Consider a matrix $A\in\mathbb{R}^{m\times m}$ and define $a_{i\cdot}$ as the $i$-th row of $A$ and $a_{\cdot i}$ as the $i$-th column of $A$.
Next to this, there are pairwise disjoint index sets $I_1,\ldots, I_n\subseteq\{1,\ldots, m\}$ for some $n\in\{1,\ldots, m\}$ with following property:
Let $I\in\{I_1,\ldots, I_n\}$. For every $i\in I$, it holds
$$a_{ip}=0=a_{pi}\text{, if }p\not\in I$$ $$a_{ip},a_{pi}<0\text{, if }p\in I\backslash\{i\}$$ $$a_{ii}=-\sum_{j\in I\backslash\{i\}}a_{ij}$$
One last information is given, namely $\operatorname{rank }M=m-n$.
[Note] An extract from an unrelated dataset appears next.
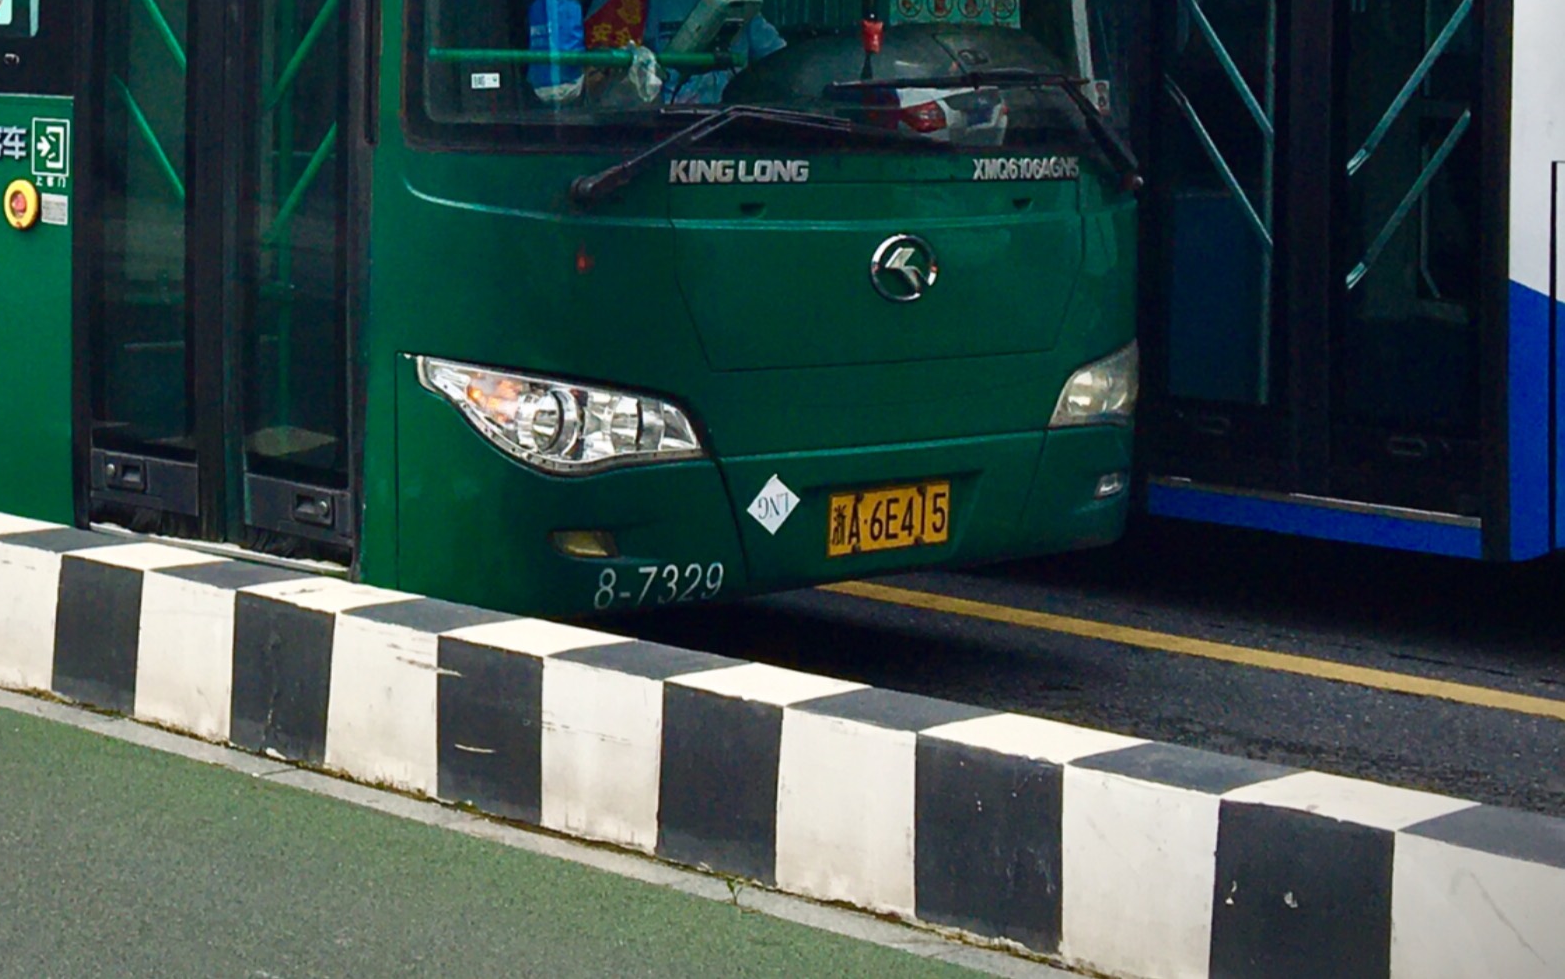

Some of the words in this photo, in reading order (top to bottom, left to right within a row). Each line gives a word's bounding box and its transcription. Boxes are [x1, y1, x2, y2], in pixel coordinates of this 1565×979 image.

[669, 160, 735, 183] KING
[738, 160, 810, 183] LONG
[593, 561, 725, 610] 8-7329
Now I would like to show, that the rows $(a_{i\cdot})_{i\in I}$ are linearly dependent for any $I\in\{I_1,\ldots,I_n\}$.
I tried following:
The columns $(a_{\cdot j})_{j\in I}$ are linearly dependent for any $I\in\{I_1,\ldots,I_n\}$, since for any $i\in I$, it holds
$$ \sum_{j\in I}a_{i j}=a_{ii}+\sum_{j\in I\backslash\{i\}}a_{ij}=0$$
If $i\not\in I$, then every entry is equal $0$, such that
$$ \sum_{j\in I}a_{i j}= 0$$
Given the information, that $\operatorname{rank }M=m-n$, we can define a selection $S=\{i_1,\ldots, i_n\}$, with $i_j\in I_j$ for $j\in\{1,\ldots, n\}$ and we find that the columns $(a_{\cdot j})_{j\in\{1,\ldots, m\}\backslash S}$ must be linearly independent. Especially the columns $(a_{\cdot j})_{j\in I_k\backslash\{i_k\}}$ must be linearly independent for any $k\in\{1,\ldots, n\}$.
However, I am not able to show it for the rows $(a_{i\cdot})_{i\in I}$. I think I have to use the fact, that for any other row $a_{i\cdot}$ with $i\not\in I$, there is showing up a non-zero element at $j$-th column/entry for $j\not\in I$, because of $\operatorname{rank }M=m-n$. However, I am not sure, how to prove it rigourosly or how to find the contradiction.
Any help is appreciated! Thank you in advance!